La señora no sabía qué hacer; a ratos trataba de soltarse, pero cuando oía otra vez el aplauso de los espectadores, daba pequeños pasos hacia adelante y hacia atrás. Uno de los clochards intentó girarla hacia él y bailar con ella agarrado. Ella sintió el olor a alcohol de su boca y empezó a defenderse confundida, con angustia y miedo en el rostro.
El joven que había salido de la cárcel se levantó de pronto y empezó a mover el brazo como si quisiera avisar de algo a los dos clochards. Se acercaban dos policías. Cuando el profesor Avenarius los divisó, él mismo se puso a bailar. Se movía de un lado para otro con su enorme barriga, describía movimientos circulares con los brazos doblados, le sonreía a todo el mundo y exhalaba a su alrededor una inefable atmósfera de paz y despreocupación. Mientras pasaban los policías le sonreía a la señora de la hucha como si estuviera compinchado con ella y aplaudía al ritmo de la trompeta hasta con las piernas. Los policías echaron una mirada indiferente y prosiguieron su ronda.

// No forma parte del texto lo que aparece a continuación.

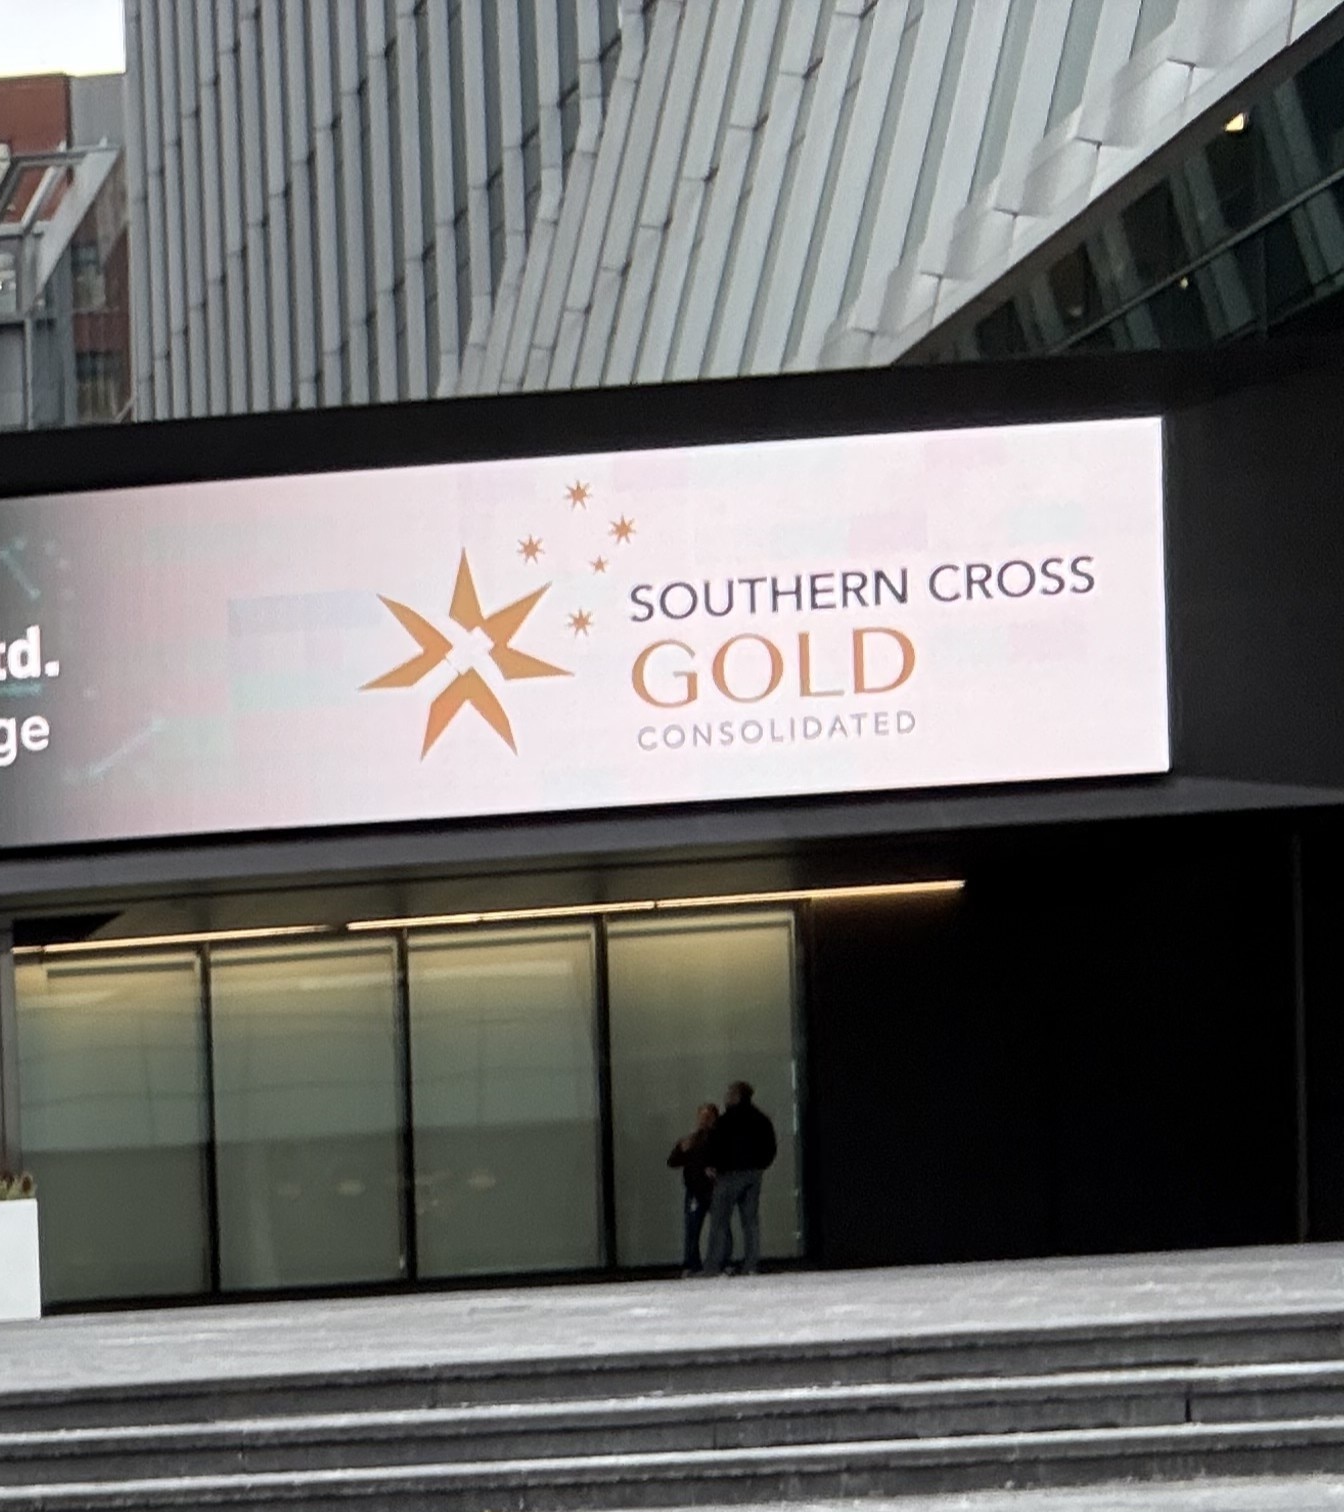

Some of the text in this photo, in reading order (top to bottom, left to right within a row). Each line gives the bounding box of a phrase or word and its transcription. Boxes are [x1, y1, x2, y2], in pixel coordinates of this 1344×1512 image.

Satisfecho con su éxito, Avenarius dio a sus pasos aún más amplitud, con insospechada agilidad giraba sobre sí mismo, corría hacia delante y hacia atrás, elevaba las piernas y hacía con los brazos gestos que imitaban a una bailarina de cancán al levantarse la falda. Aquello le sirvió de inspiración al clochard que tenía cogida a la señora del brazo; se agachó y le tomó el borde de la falda con dos dedos. Ella pretendió impedirlo pero no podía quitarle los ojos de encima al hombre gordo que la alentaba sonriendo; cuando intentó devolverle la sonrisa un clochard le levantó la falda hasta la cintura: aparecieron las piernas desnudas y unas bragas verdes (estupendamente elegidas para que combinaran con la falda rosa). Intentó impedirlo otra vez pero no podía: tenía en una mano la hucha (ya nadie le echaba ni un céntimo pero se aferraba a ella con firmeza, como si dentro estuviese encerrado todo su honor, el sentido de su vida, quizá su propia alma) mientras que el otro brazo estaba inmovilizado por la mano del clochard. Si le hubieran atado los dos brazos y la hubieran violado no habría sido peor. El clochard levantaba el borde de la falda, gritaba: «¡Para los leprosos! ¡Para África!» y a ella le corrían por el rostro lágrimas de humillación. No quería sin embargo que se notase esa humillación (una humillación admitida es una humillación doble), así que intentó sonreír como si todo sucediese con su anuencia y por el bien de África y levantó ella misma voluntariamente su pierna bonita aunque un tanto corta.
Después le llegó hasta la nariz el horrible hedor del clochard, el hedor de su boca y de sus ropas, que no se había quitado en varios años, de modo que se le habían pegado a la piel (si le ocurriera alguna desgracia, todo un equipo de cirujanos tendría que raspárselas durante una hora antes de poder llevarlo a la mesa de operaciones); en ese momento ya no fue capaz de seguir soportando: se desprendió de él violentamente y apretando la hucha roja contra el pecho corrió hacia el profesor Avenarius. Este abrió los brazos y la acogió en su regazo. Temblaba apretada contra su cuerpo y sollozaba. La consoló rápidamente, la cogió de la mano y la sacó del metro.